● Records for the task:
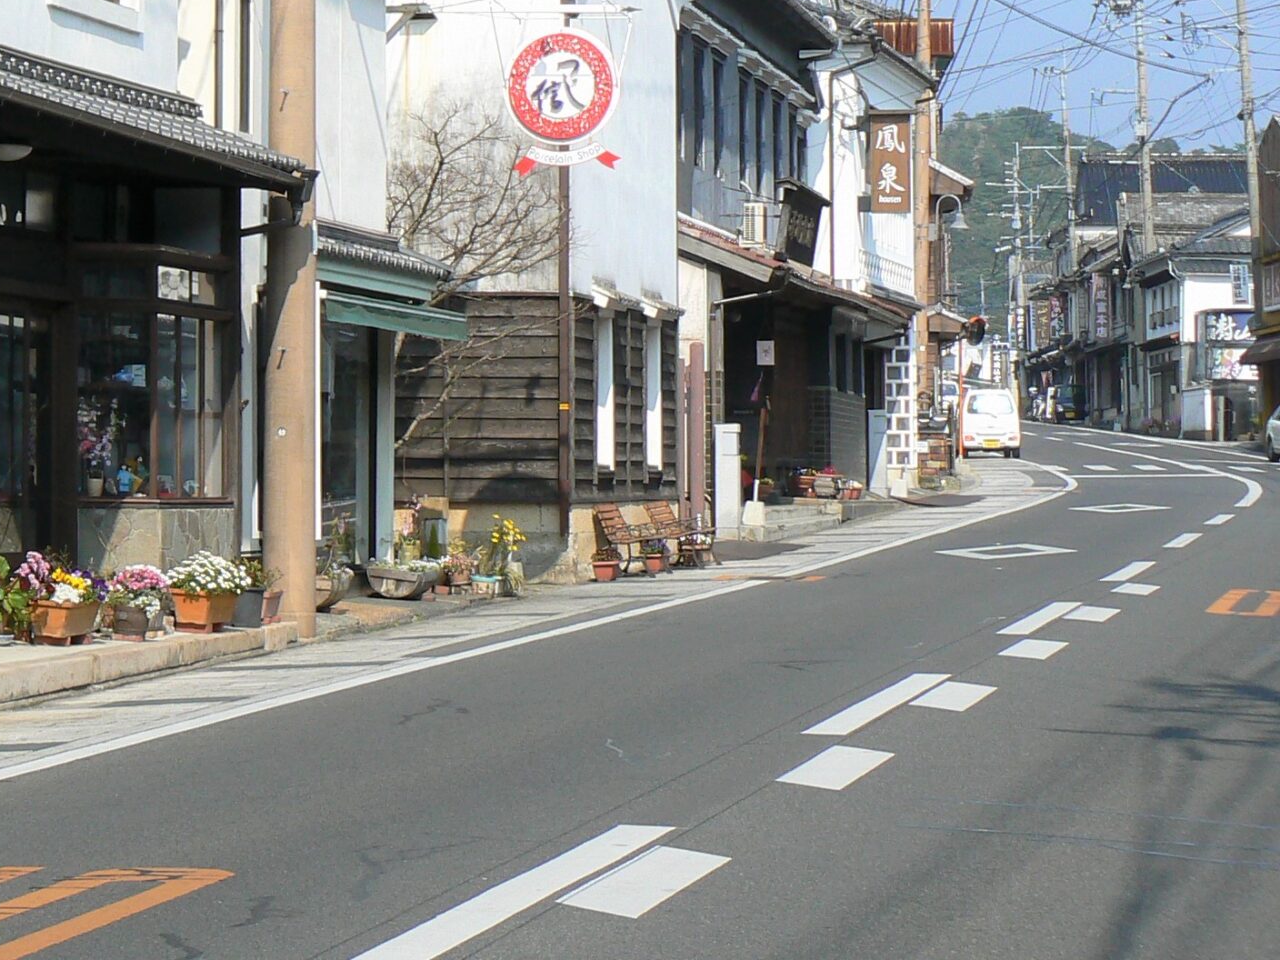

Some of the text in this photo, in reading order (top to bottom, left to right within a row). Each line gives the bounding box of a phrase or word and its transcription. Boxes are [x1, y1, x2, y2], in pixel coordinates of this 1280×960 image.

[528, 145, 601, 164] Porcelain Shop
[875, 124, 906, 194] 鳳泉
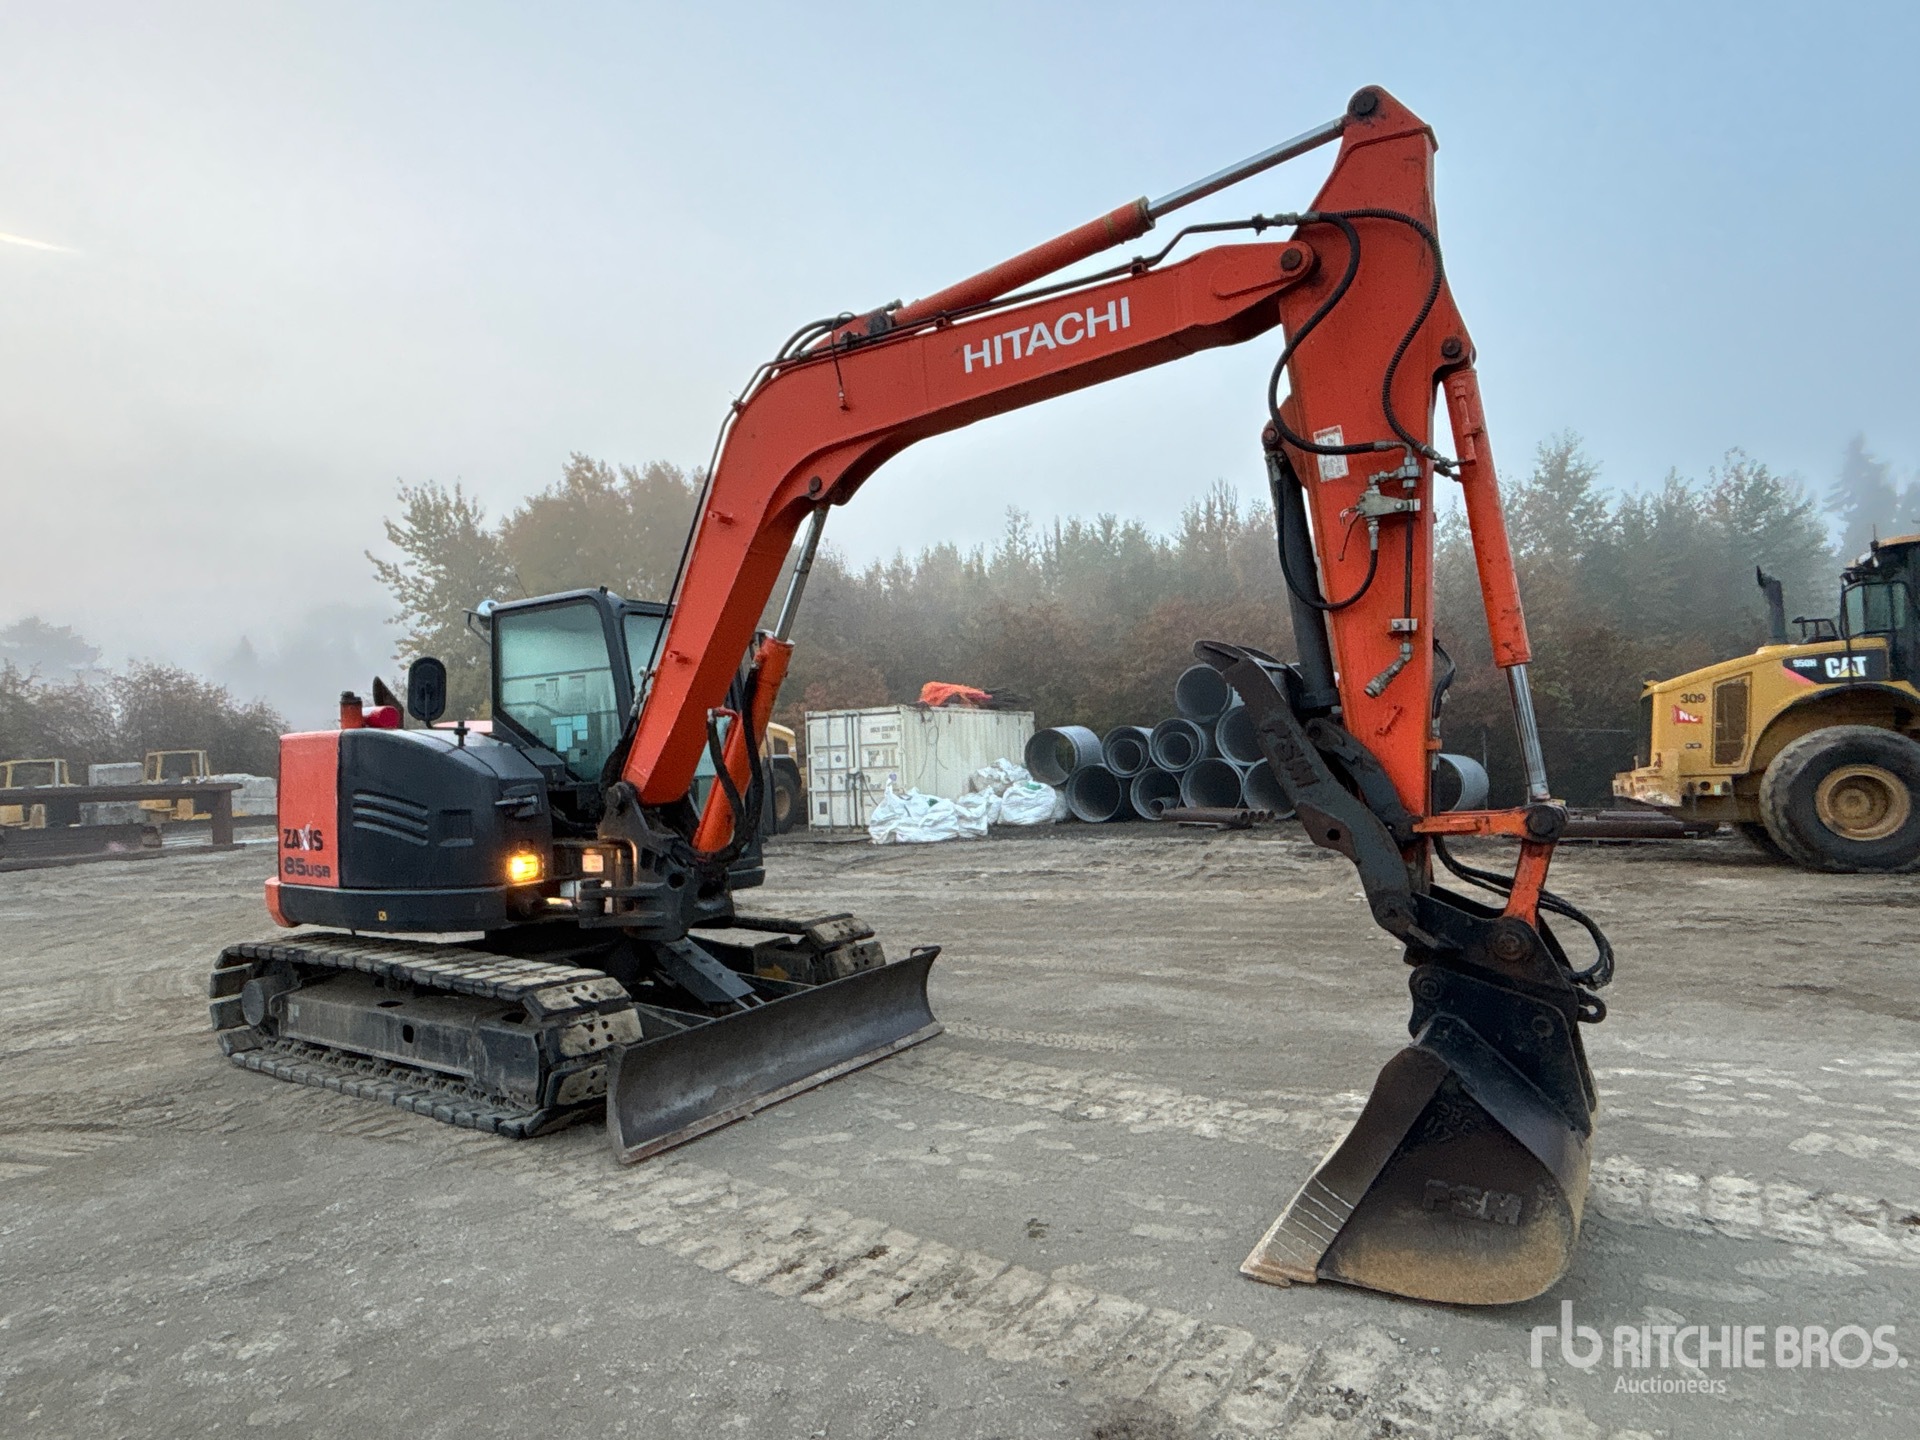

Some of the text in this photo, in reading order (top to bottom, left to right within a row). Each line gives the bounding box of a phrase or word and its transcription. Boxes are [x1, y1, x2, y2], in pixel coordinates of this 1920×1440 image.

[963, 296, 1131, 374] HITACHI
[1824, 656, 1867, 678] CAT
[1680, 693, 1706, 704] 309
[283, 823, 323, 851] ZAXIS

● What is expected:
Could you give the material again exactly as it stands, omitting any image?

● Task result:
Some of the text in this photo, in reading order (top to bottom, left to right within a row). Each line gives the bounding box of a phrase or word and its transcription. Boxes are [x1, y1, x2, y2], in pixel coordinates of this 1280×960 image.

[528, 145, 601, 164] Porcelain Shop
[875, 124, 906, 194] 鳳泉

Some of the text in this photo, in reading order (top to bottom, left to right within a row). Each line gives the bounding box of a phrase or word and its transcription. Boxes are [x1, y1, x2, y2], in pixel coordinates of this 1920×1440 image.

[963, 296, 1131, 374] HITACHI
[1824, 656, 1867, 678] CAT
[1680, 693, 1706, 704] 309
[283, 823, 323, 851] ZAXIS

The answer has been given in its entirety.